- [Problem details]: Leave out the pictures and reproduce all of the data exactly.

::: Dataset excerpts :::

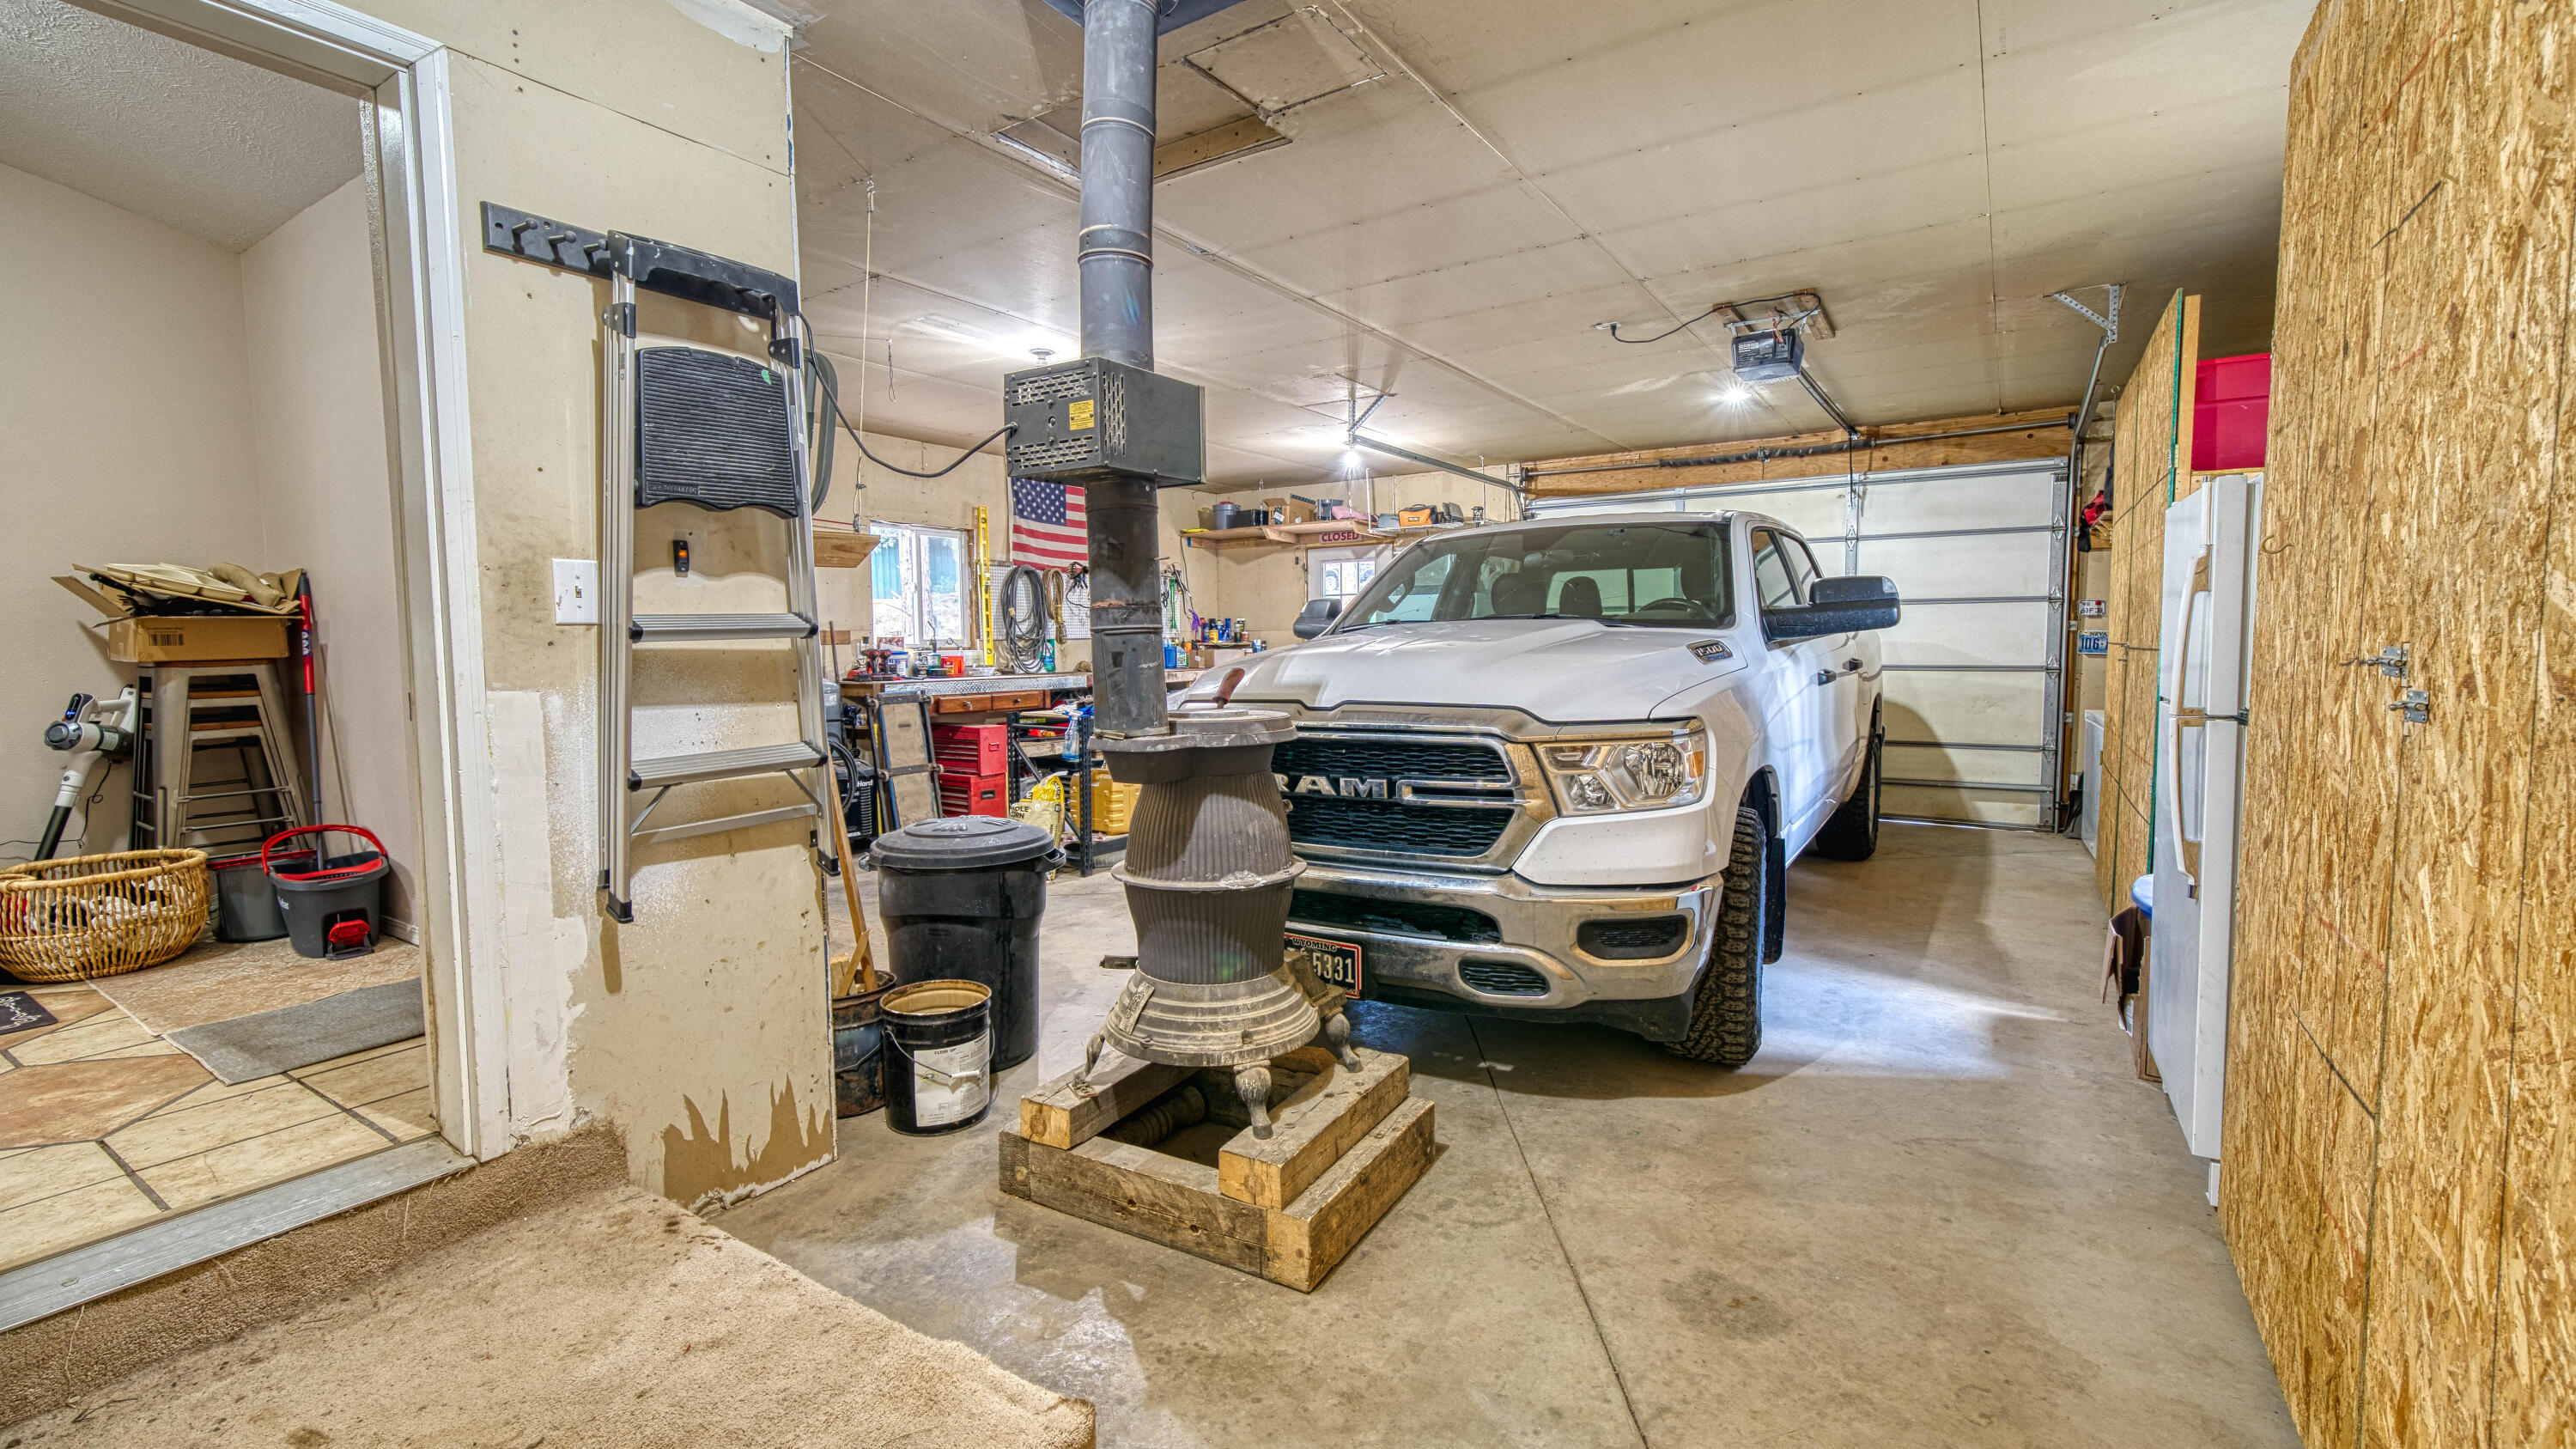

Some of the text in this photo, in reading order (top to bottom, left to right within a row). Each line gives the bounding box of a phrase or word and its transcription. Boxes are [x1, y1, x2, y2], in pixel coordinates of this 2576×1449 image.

[1321, 532, 1359, 542] CLOSED
[1696, 645, 1723, 656] 1500
[1273, 772, 1388, 799] RAM
[1291, 937, 1337, 953] WYOMING
[1312, 952, 1355, 983] 5331

:::

- [Exercise output]:
Some of the text in this photo, in reading order (top to bottom, left to right within a row). Each line gives the bounding box of a phrase or word and its transcription. Boxes are [x1, y1, x2, y2], in pixel coordinates of this 2576×1449 image.

[1321, 532, 1359, 542] CLOSED
[1696, 645, 1723, 656] 1500
[1273, 772, 1388, 799] RAM
[1291, 937, 1337, 953] WYOMING
[1312, 952, 1355, 983] 5331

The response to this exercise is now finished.